The Africa Executive Director listed as an invisible economic benefit, the crusade’s contribution to religious tourism in Ghana, explaining that normal CfAN crusade delegations are made up of evangelists, investors and scores of video cameramen, sound and lighting technicians. Not only do they patronise hotels and restaurants, they also make time to visit craft and other souvenir shops as well as visit local tourist attractions.

The crusade has a morning session dubbed ‘Fire Conference’ and evening mass gospel proclamation by Rev Daniel Kolenda, an American international evangelist who has taken over the presidency of CfAN from the founder, Reinhard Bonnke, now on retirement.

Rev Darku pointed out, ‘We don’t do these in expectation of financial profit. As everybody knows, we don’t take offering or silver collection at our crusades and Tema-Ashaiman will be no different. We encourage new converts to send their offering to the churches to which they will be introduced.

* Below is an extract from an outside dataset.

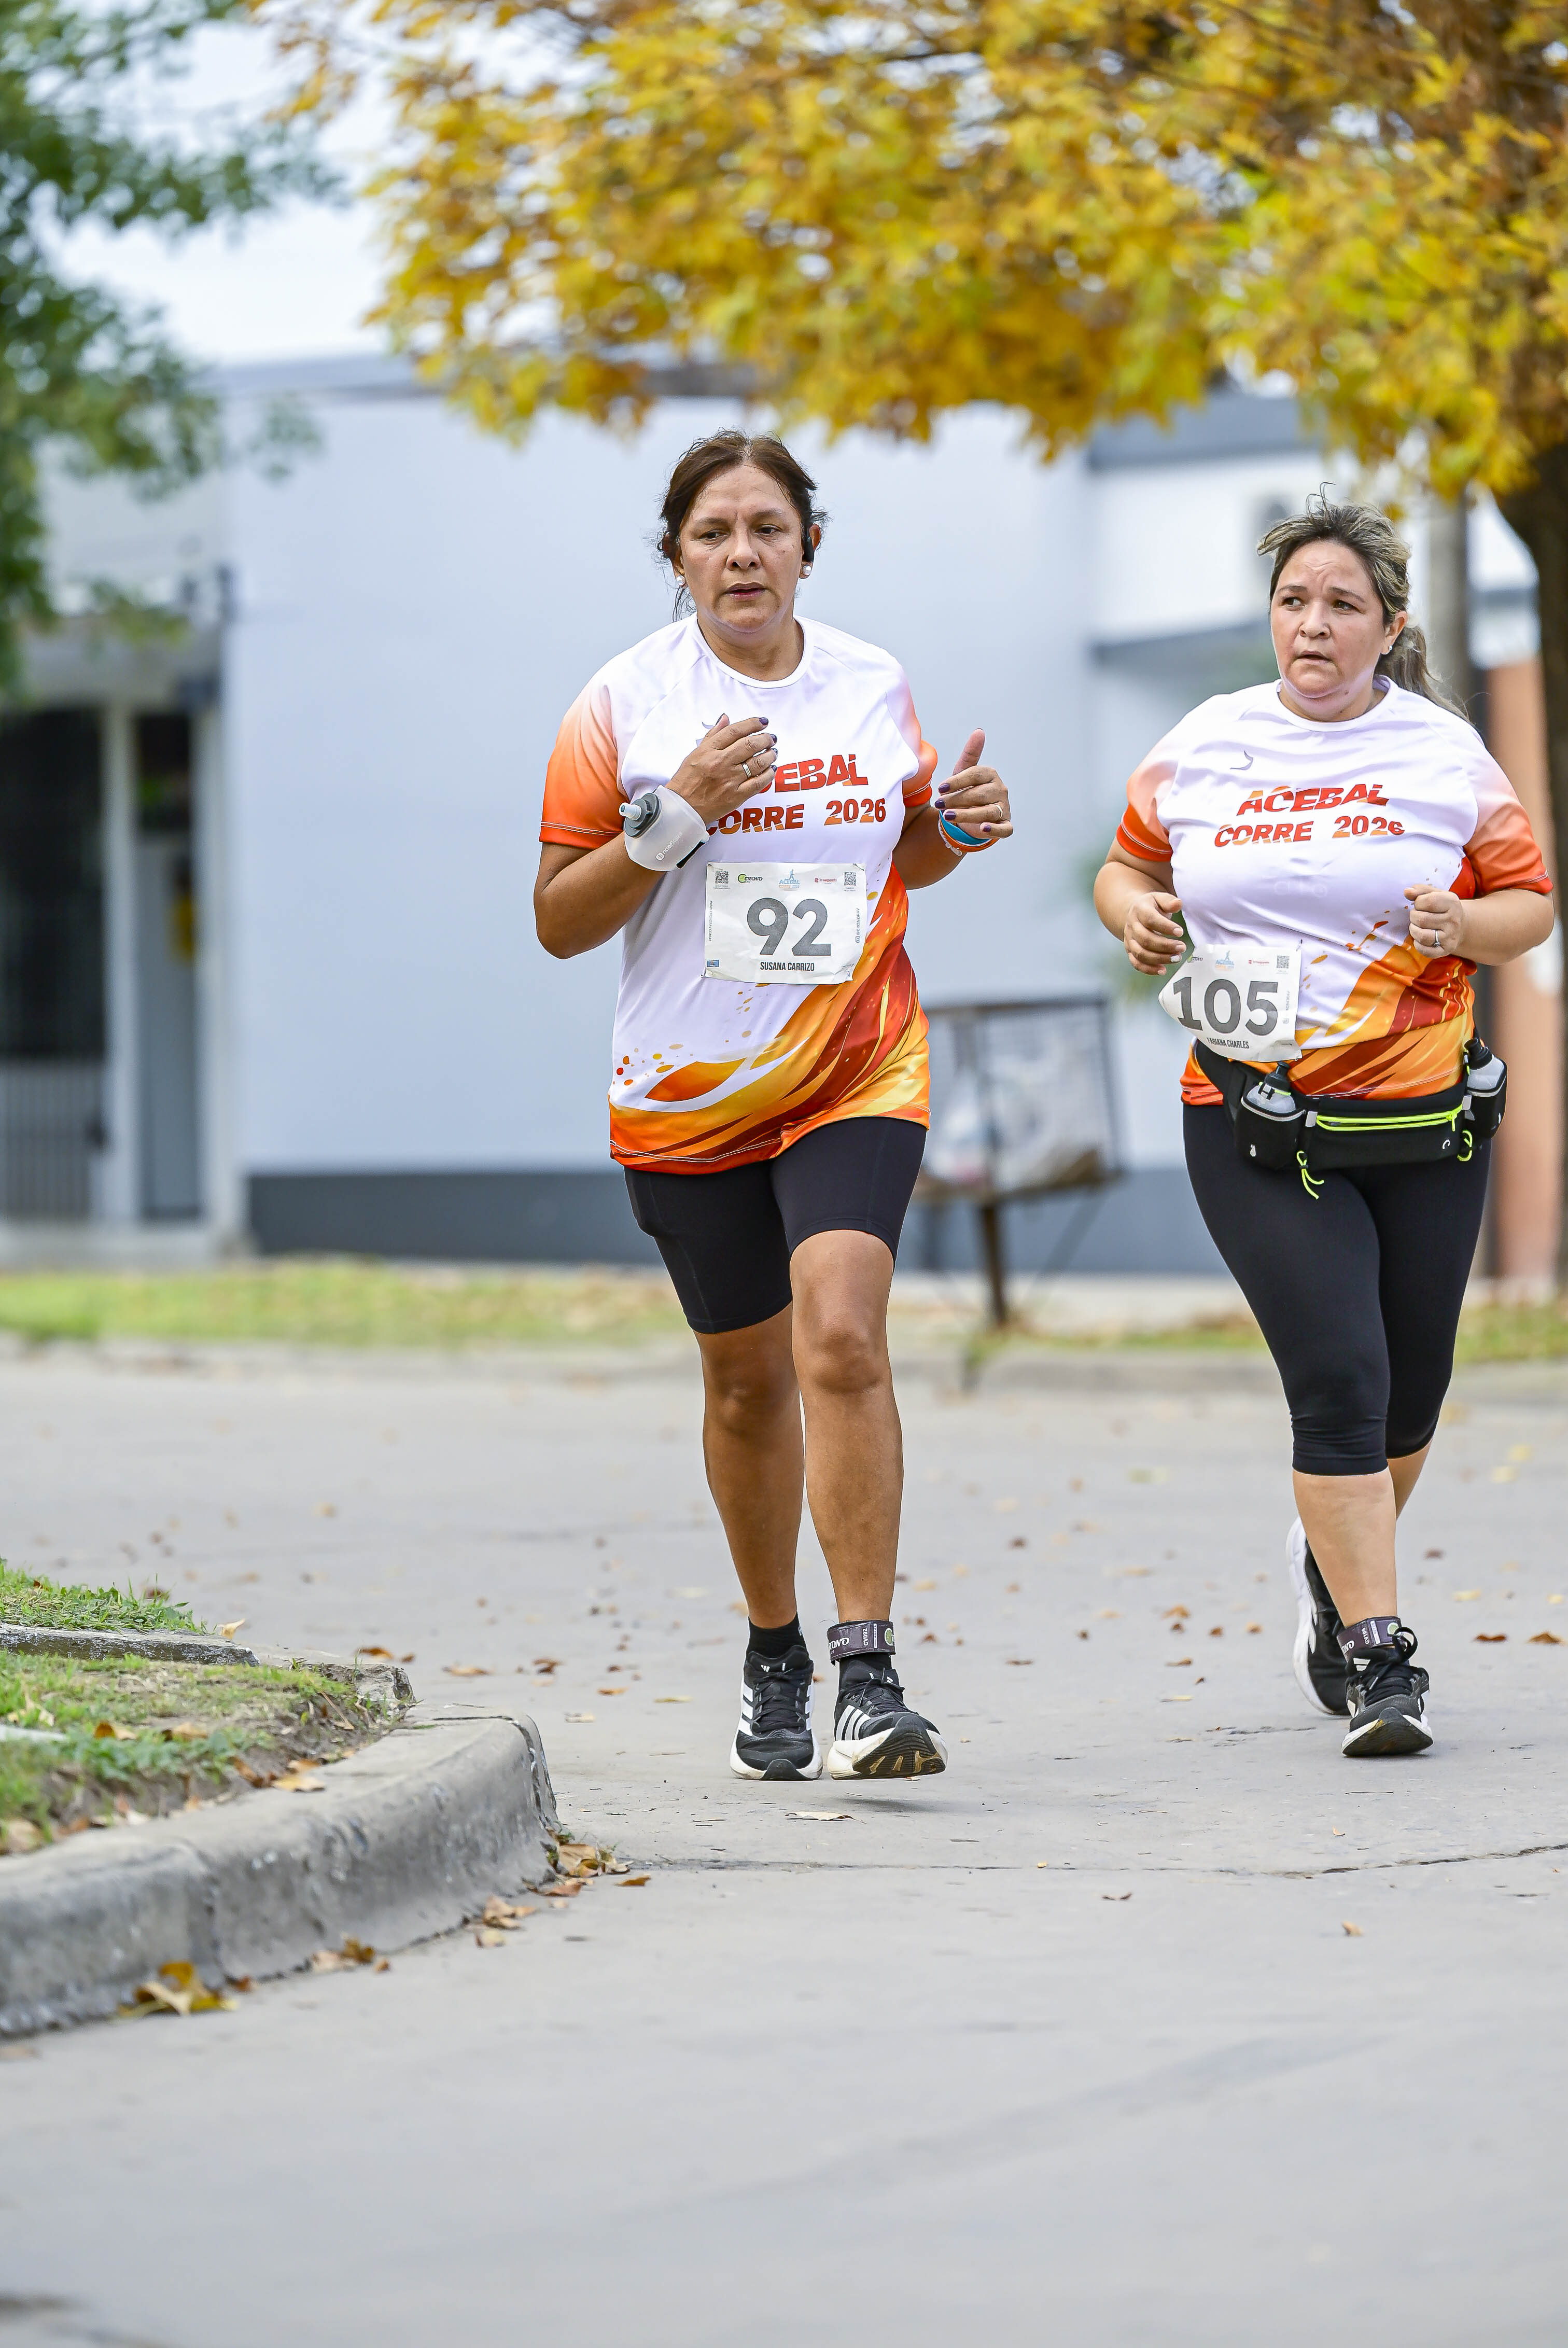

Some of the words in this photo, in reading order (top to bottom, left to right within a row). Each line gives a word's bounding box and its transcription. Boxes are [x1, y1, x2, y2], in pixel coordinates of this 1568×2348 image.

‘Nor is CfAN interested in gathering crowds to start a church. We have never been a church and will never be a church. The souls won at our crusades are distributed among collaborating churches. In some countries where we have held crusades, some churches have expanded from a few hundreds before the crusade to 17,000 members. This happened in Burundi. In Nigeria, one church baptised no fewer than 3,000 new members who joined after the crusade.’